[[ DATASET RECORDS open ]]

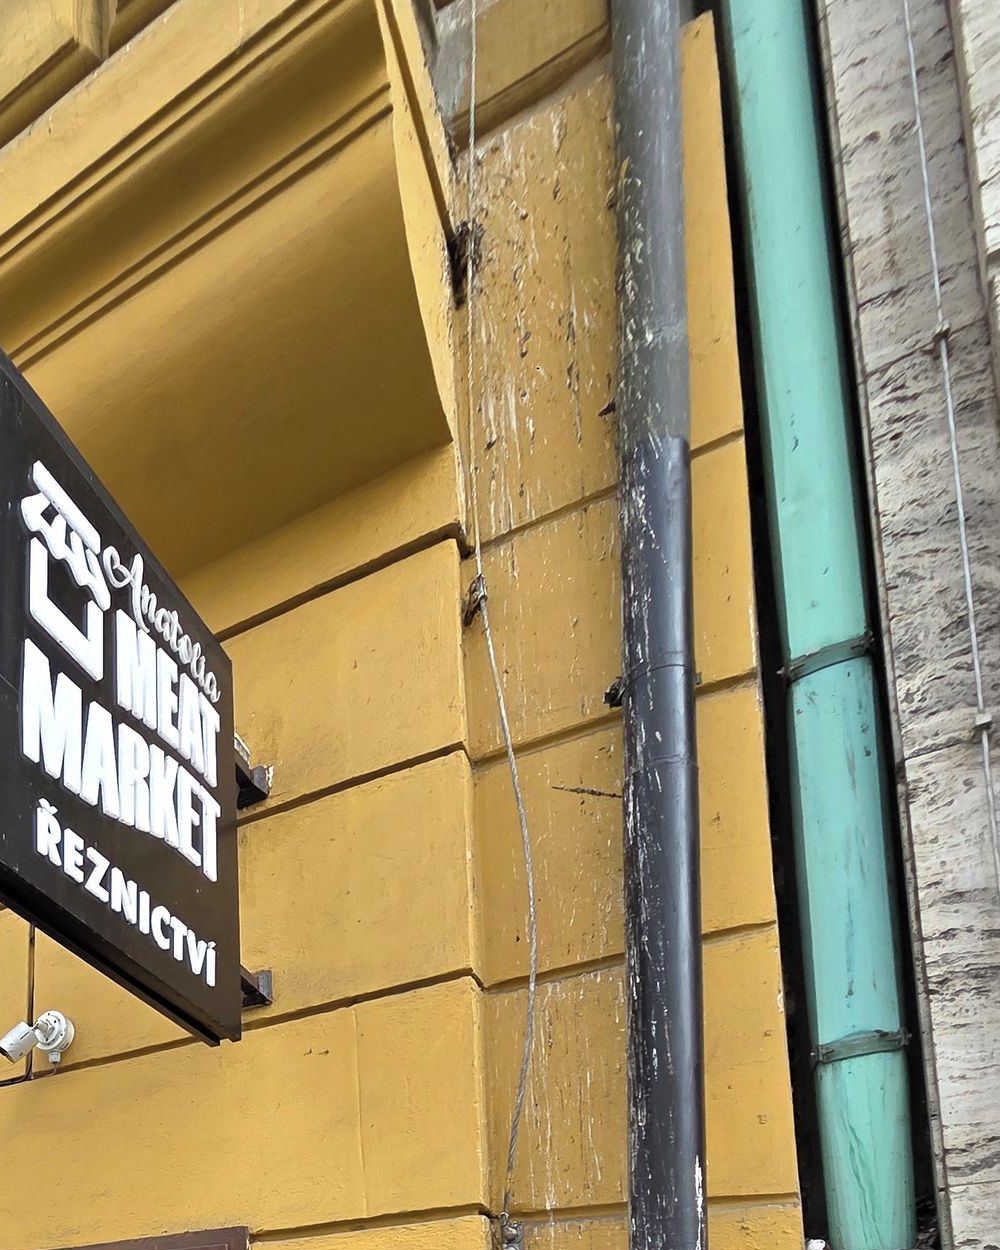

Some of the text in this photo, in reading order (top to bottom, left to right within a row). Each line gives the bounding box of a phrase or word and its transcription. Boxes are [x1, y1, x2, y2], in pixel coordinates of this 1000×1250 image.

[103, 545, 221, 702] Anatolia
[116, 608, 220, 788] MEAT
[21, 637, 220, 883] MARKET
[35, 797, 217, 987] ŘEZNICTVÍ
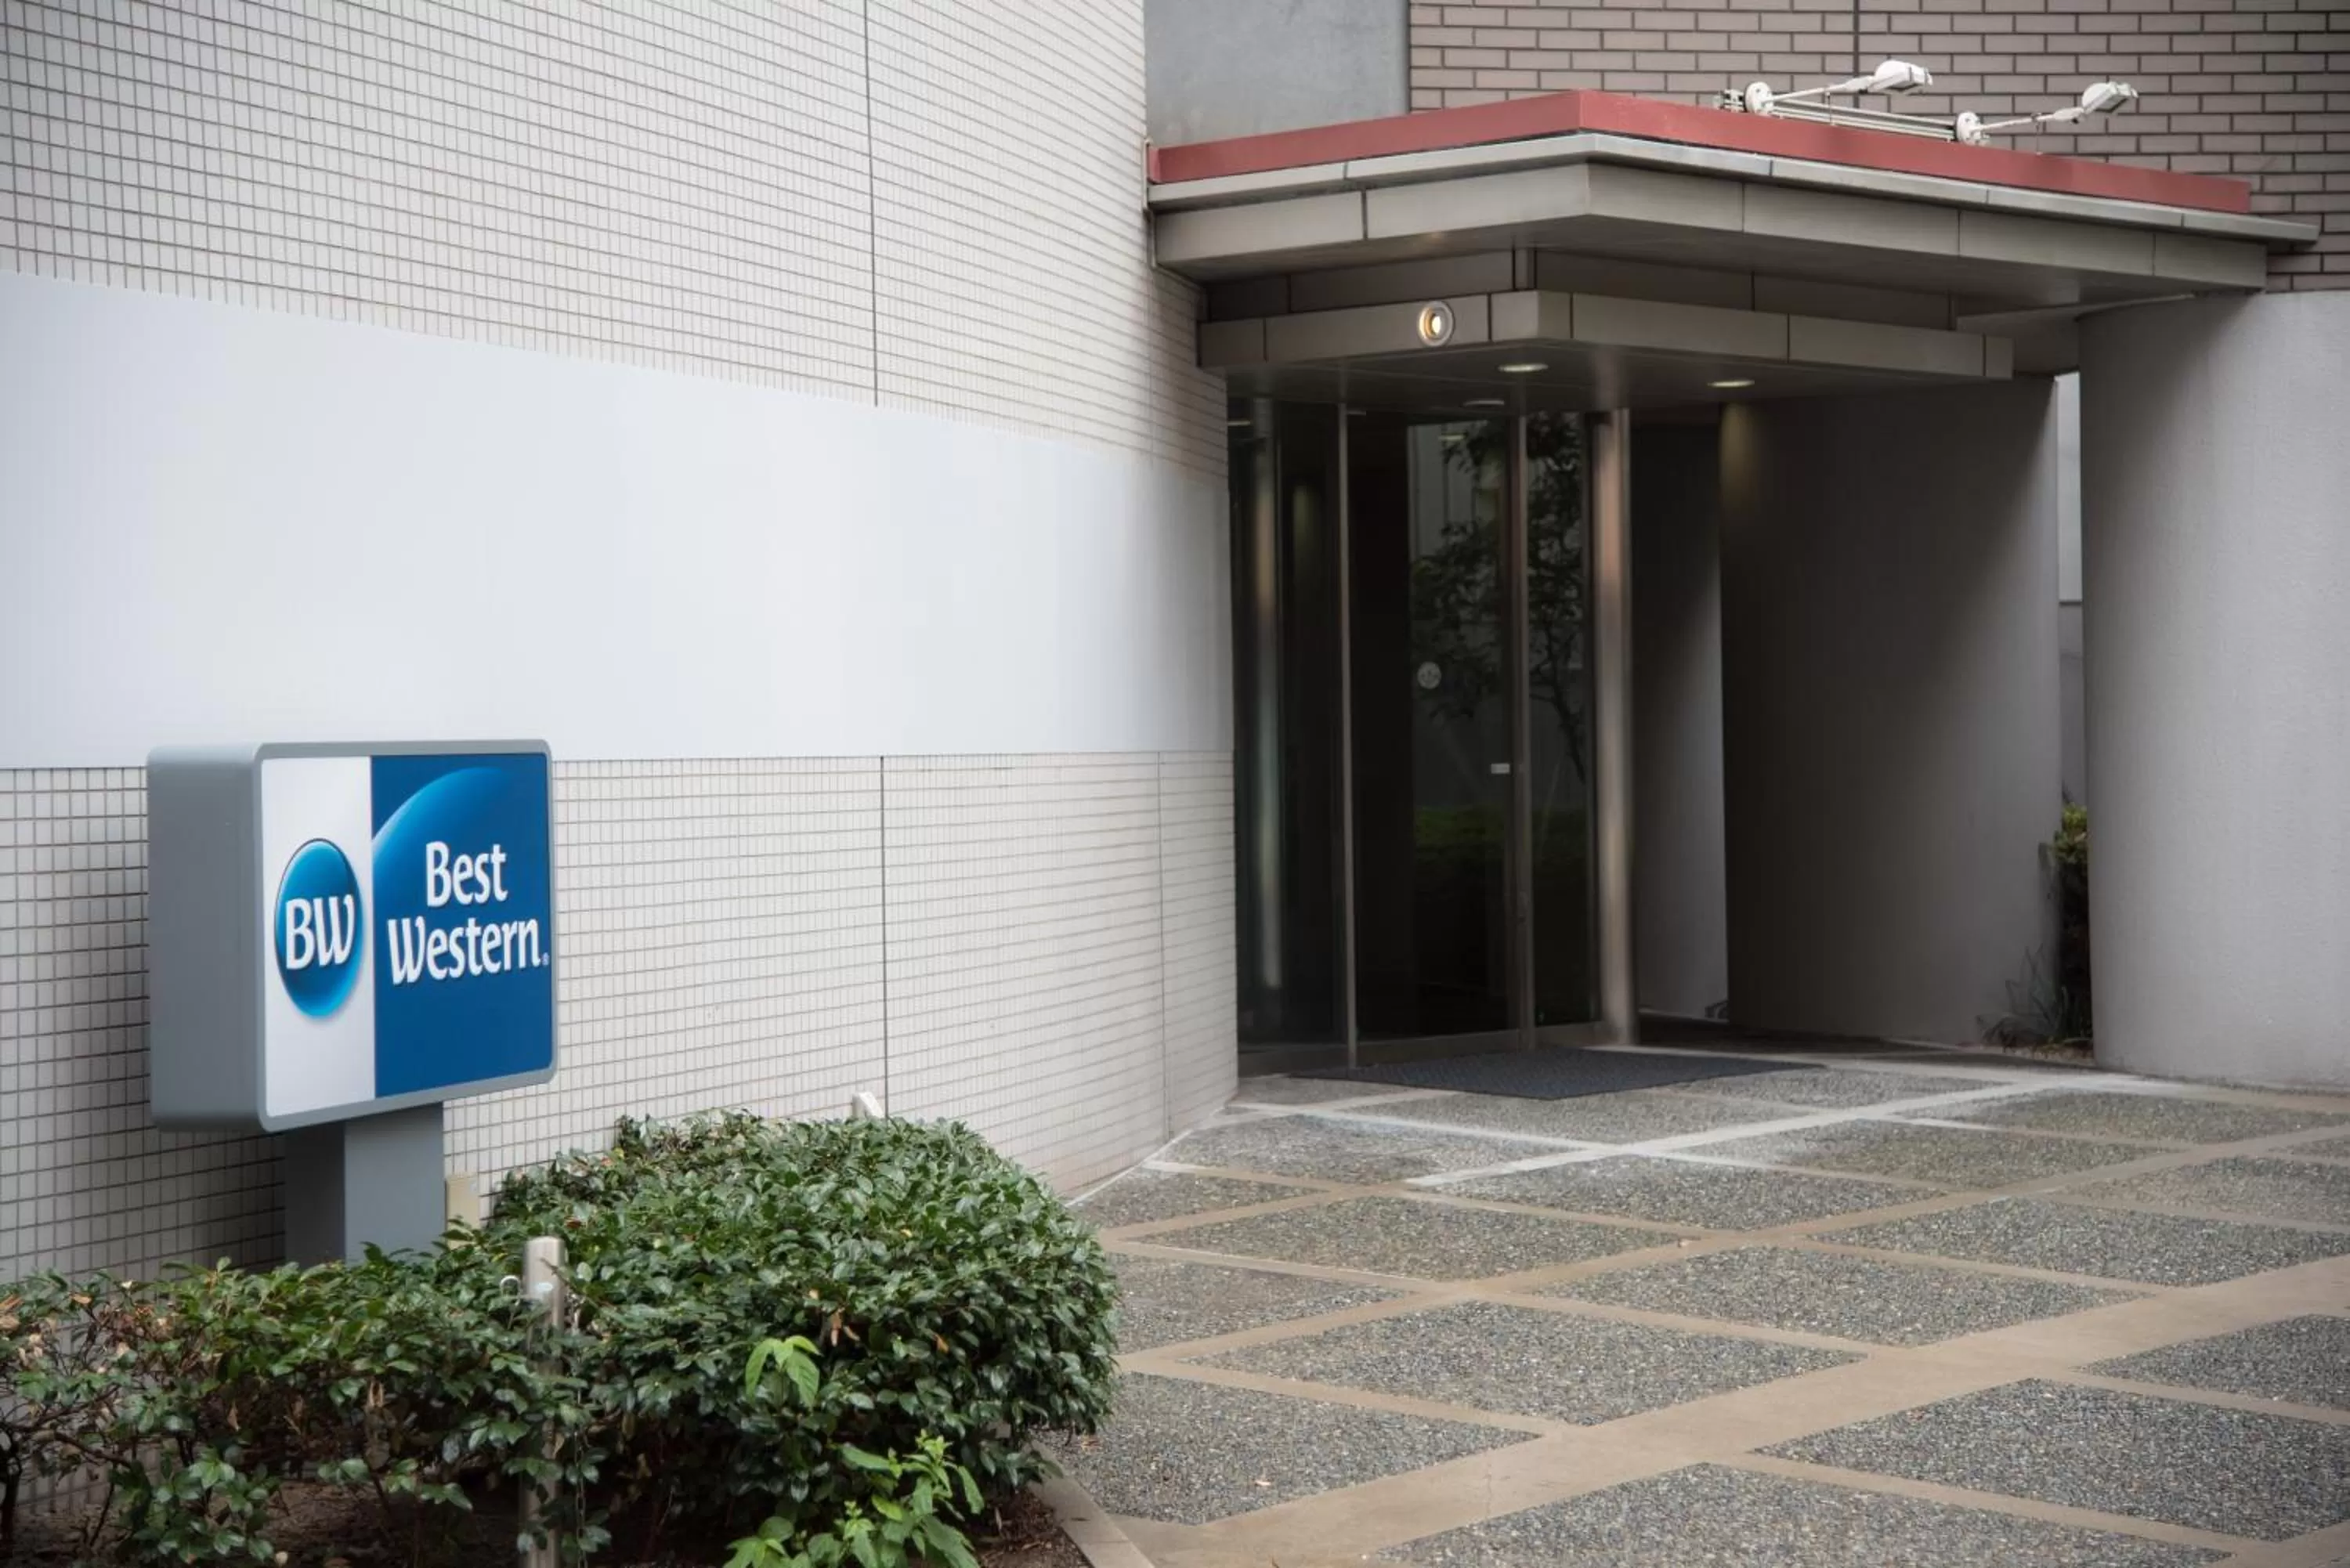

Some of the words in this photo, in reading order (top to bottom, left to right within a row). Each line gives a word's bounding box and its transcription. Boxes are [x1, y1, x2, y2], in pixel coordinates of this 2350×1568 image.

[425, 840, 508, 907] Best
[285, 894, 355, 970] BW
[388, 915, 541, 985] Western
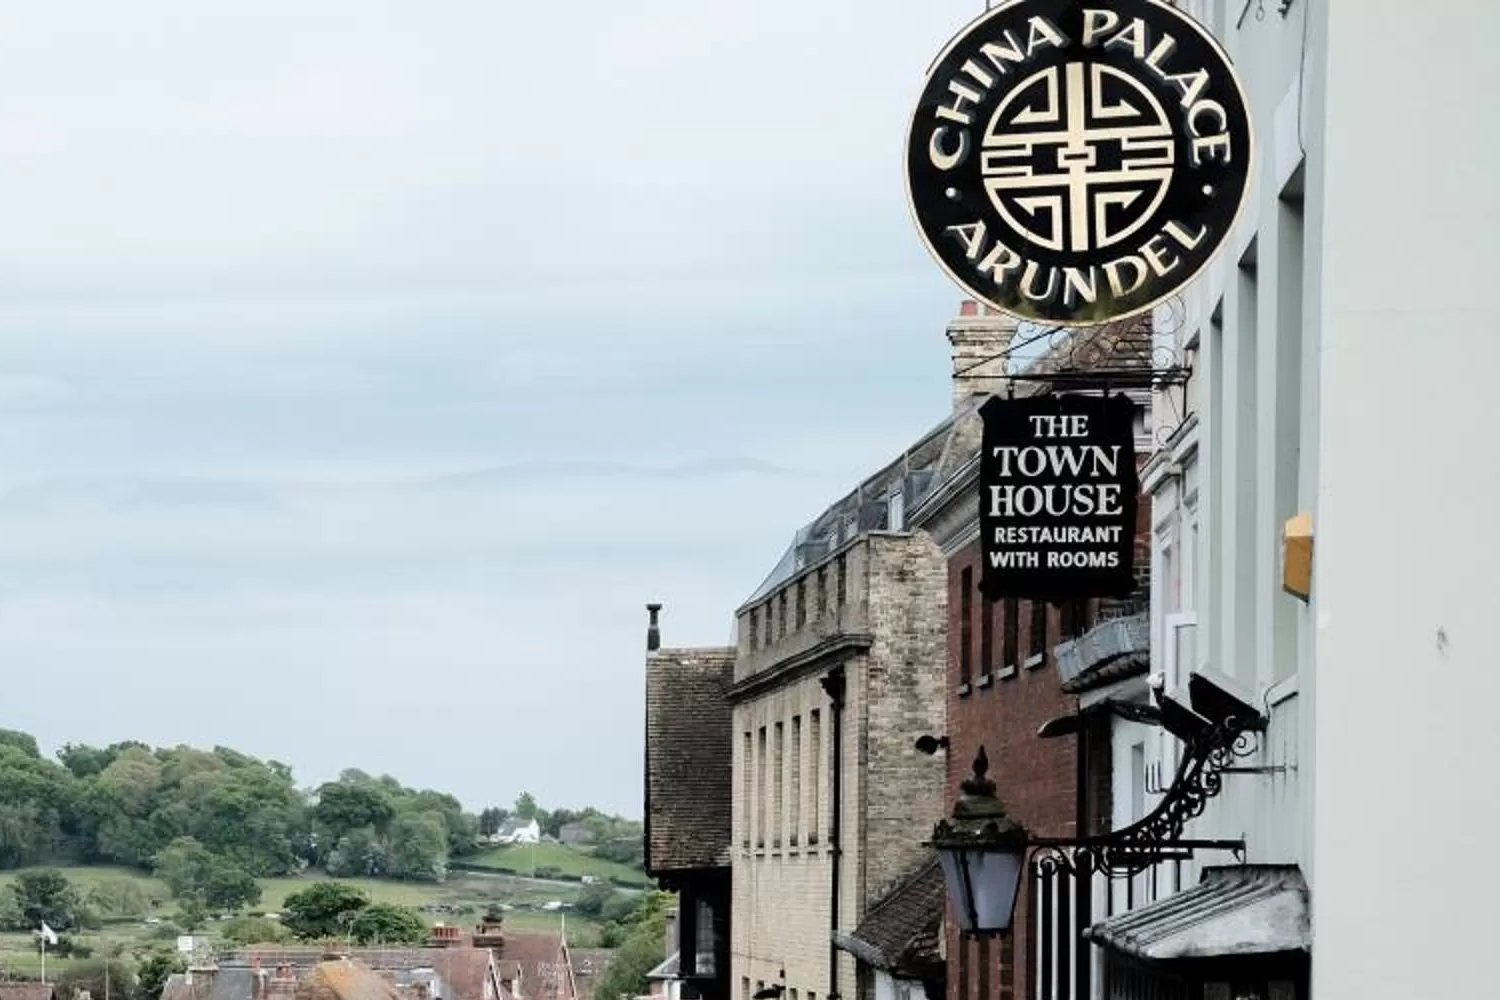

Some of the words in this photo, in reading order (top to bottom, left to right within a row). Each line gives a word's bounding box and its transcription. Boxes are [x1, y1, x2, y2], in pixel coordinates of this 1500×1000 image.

[[ DATASET RECORDS closed ]]

TASK INSTRUCTIONS -> Set down the entries exactly as they appear, with every picture left out.

SOLUTION FOR THIS EXERCISE ->
Some of the text in this photo, in reading order (top to bottom, left to right within a row). Each line gives the bounding box of a phrase or word and its transcription. Boxes are [x1, y1, x2, y2], in pixel coordinates of this 1000×1250 image.

[103, 545, 221, 702] Anatolia
[116, 608, 220, 788] MEAT
[21, 637, 220, 883] MARKET
[35, 797, 217, 987] ŘEZNICTVÍ

Some of the words in this photo, in reading order (top to bottom, left to right within a row). Each line gives a word's bounding box and its transcription. Boxes are [x1, y1, x2, y2], in pixel coordinates of this 2350×1568 image.

[425, 840, 508, 907] Best
[285, 894, 355, 970] BW
[388, 915, 541, 985] Western

Some of the words in this photo, in reading order (top to bottom, left to right within a row). Each line gives a word's bounding box and its transcription. Boxes are [x1, y1, x2, y2], in pixel coordinates of this 1500×1000 image.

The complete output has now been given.